---------- Supplied data
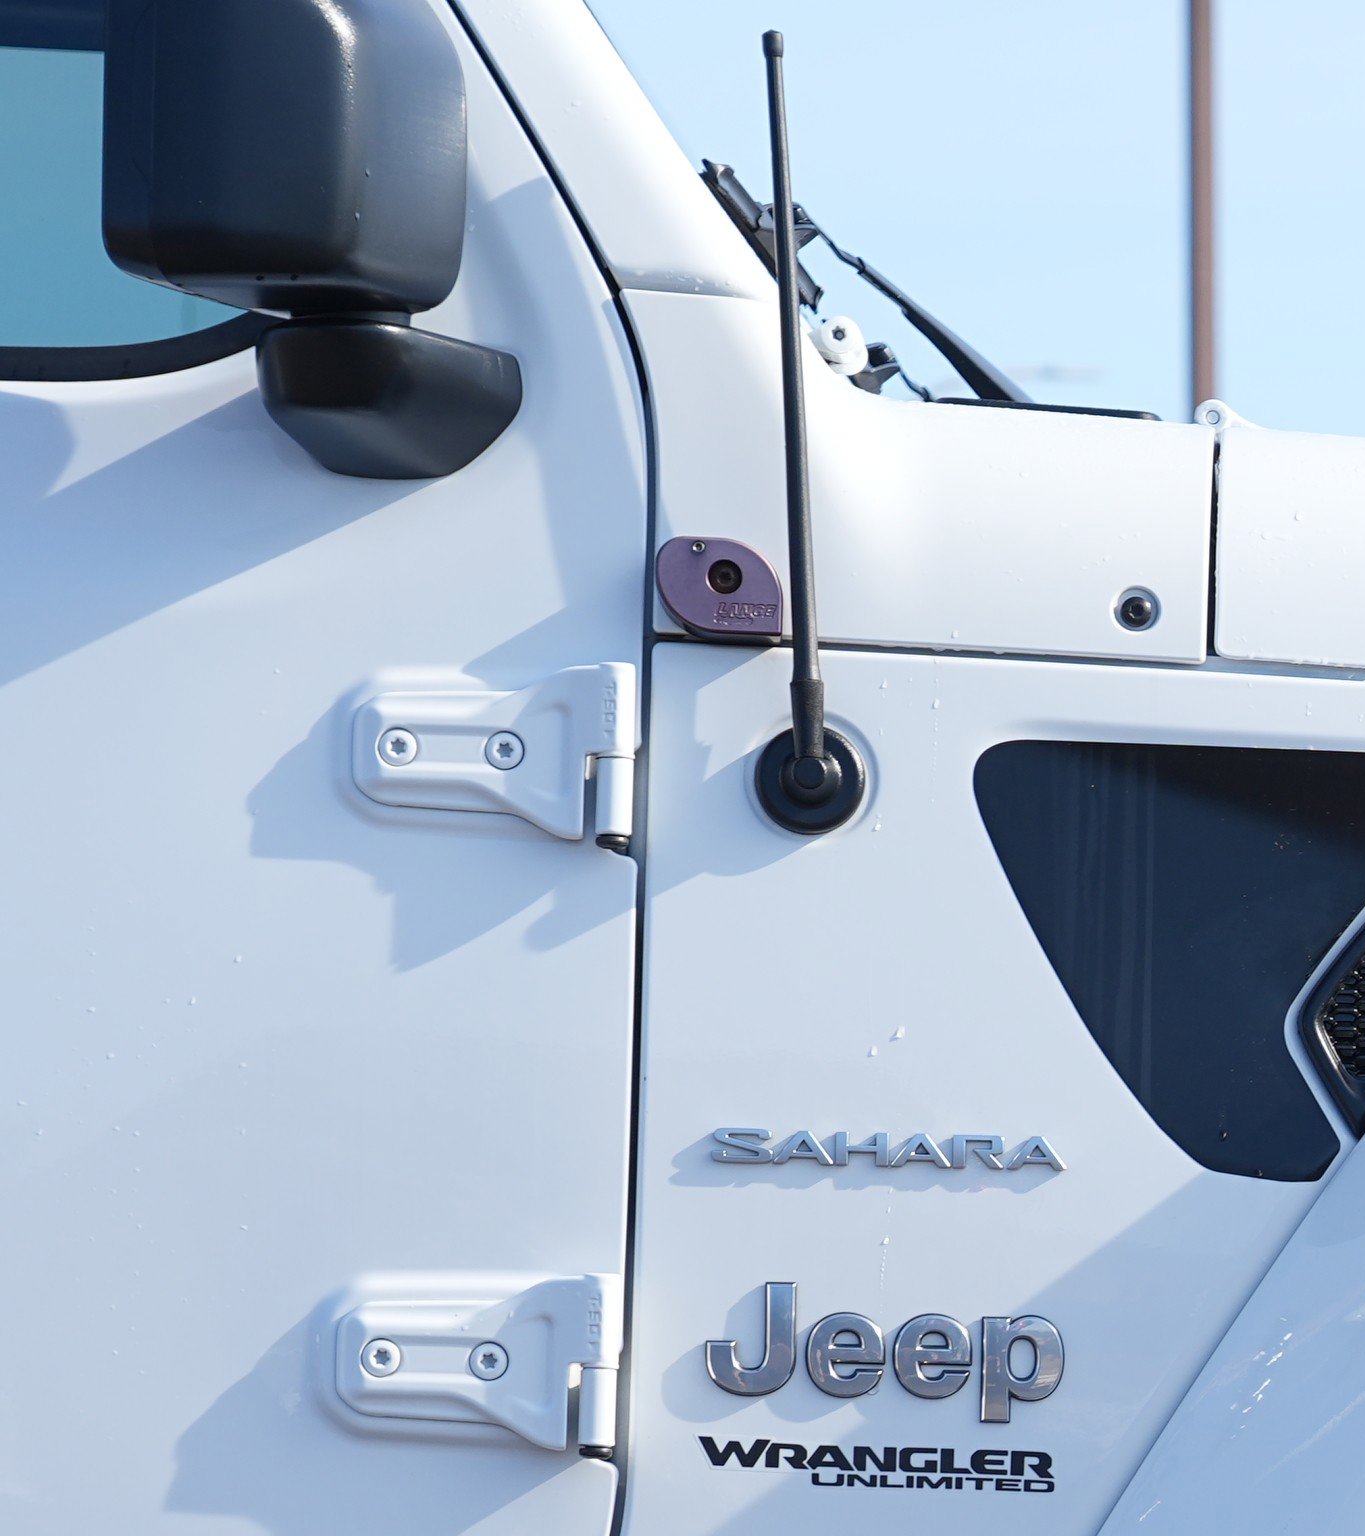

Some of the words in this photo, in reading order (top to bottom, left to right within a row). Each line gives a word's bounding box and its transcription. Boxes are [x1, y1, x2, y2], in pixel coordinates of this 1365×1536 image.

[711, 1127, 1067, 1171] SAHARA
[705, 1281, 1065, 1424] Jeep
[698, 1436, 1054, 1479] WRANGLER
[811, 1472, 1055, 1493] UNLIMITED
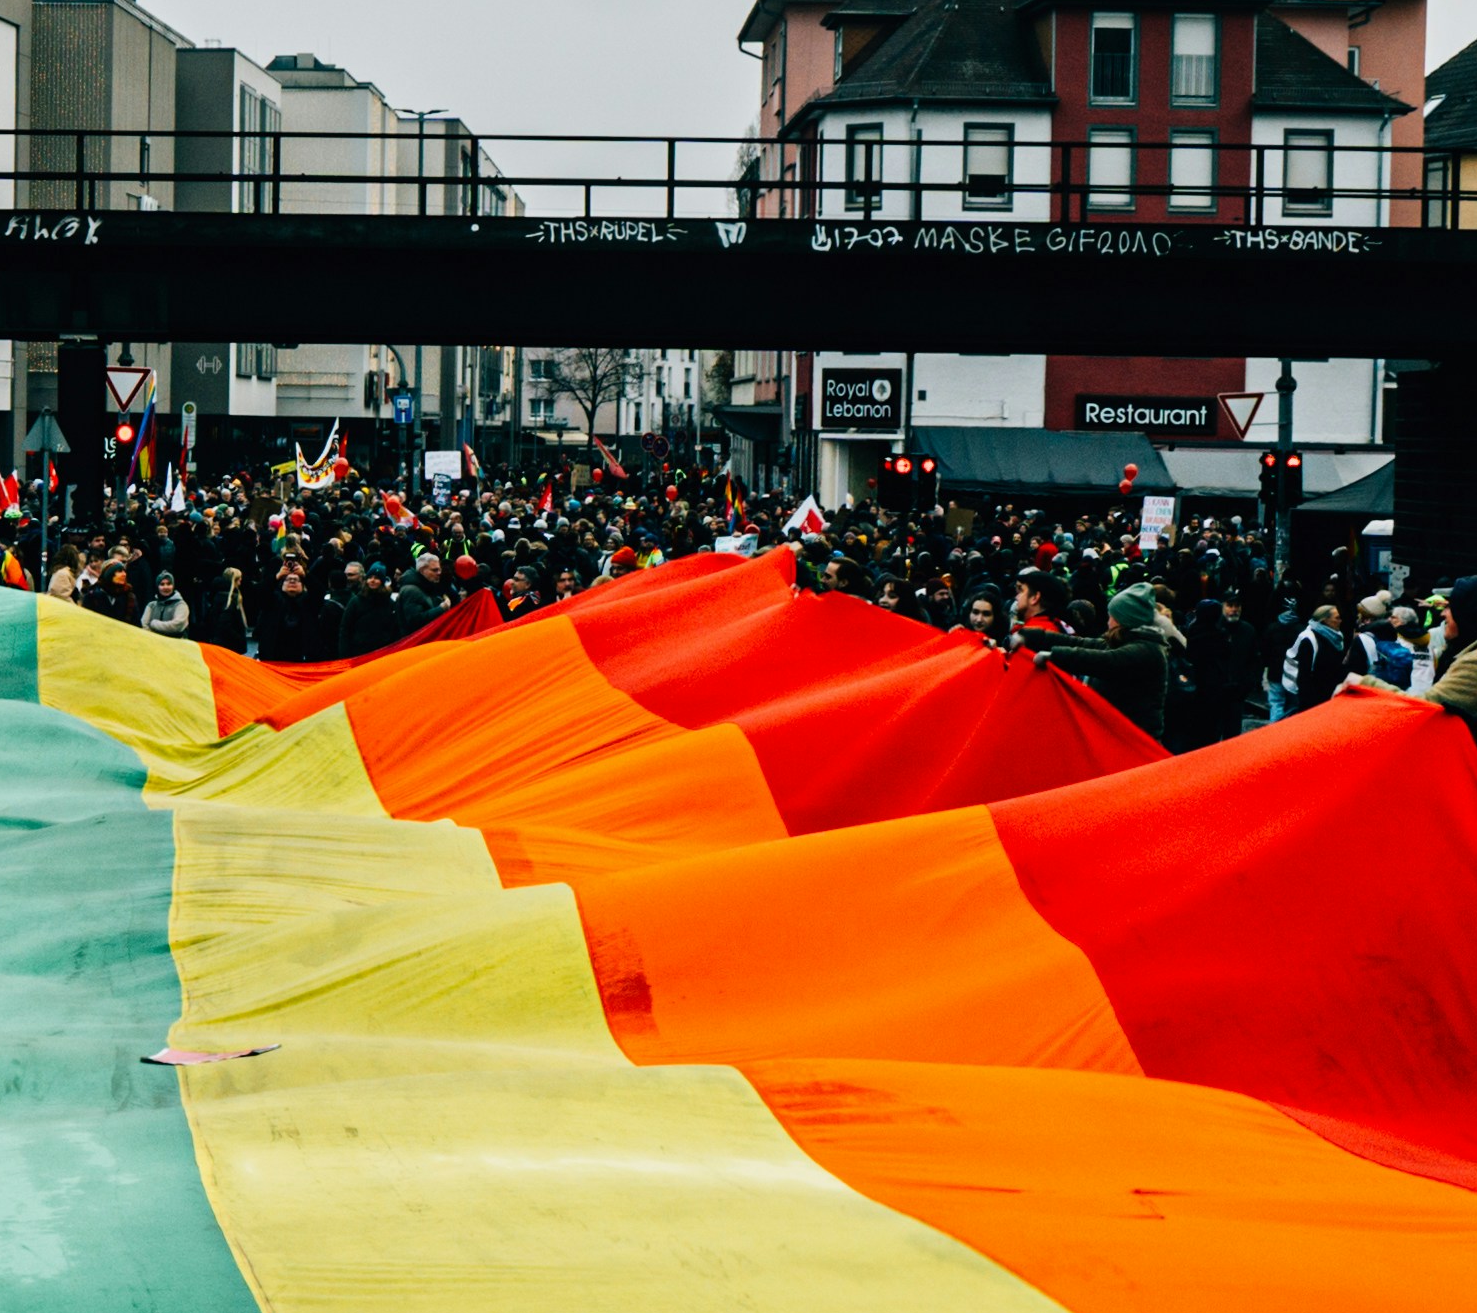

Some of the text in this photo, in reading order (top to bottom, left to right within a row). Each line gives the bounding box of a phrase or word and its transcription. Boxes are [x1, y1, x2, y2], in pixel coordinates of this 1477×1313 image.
--------------------
# [Required work]
If the data includes images, skip them and copy every line exactly.

# [Problem solution]
Some of the words in this photo, in reading order (top to bottom, left to right within a row). Each line gives a word's bounding box and its transcription. Boxes are [x1, y1, x2, y2], in pixel coordinates of this 1365×1536 image.

[711, 1127, 1067, 1171] SAHARA
[705, 1281, 1065, 1424] Jeep
[698, 1436, 1054, 1479] WRANGLER
[811, 1472, 1055, 1493] UNLIMITED

Some of the text in this photo, in reading order (top to bottom, left to right within a row). Each line gives the bounding box of a phrase or word and its transcription. Boxes are [x1, y1, x2, y2], in pixel coordinates of this 1477×1313 image.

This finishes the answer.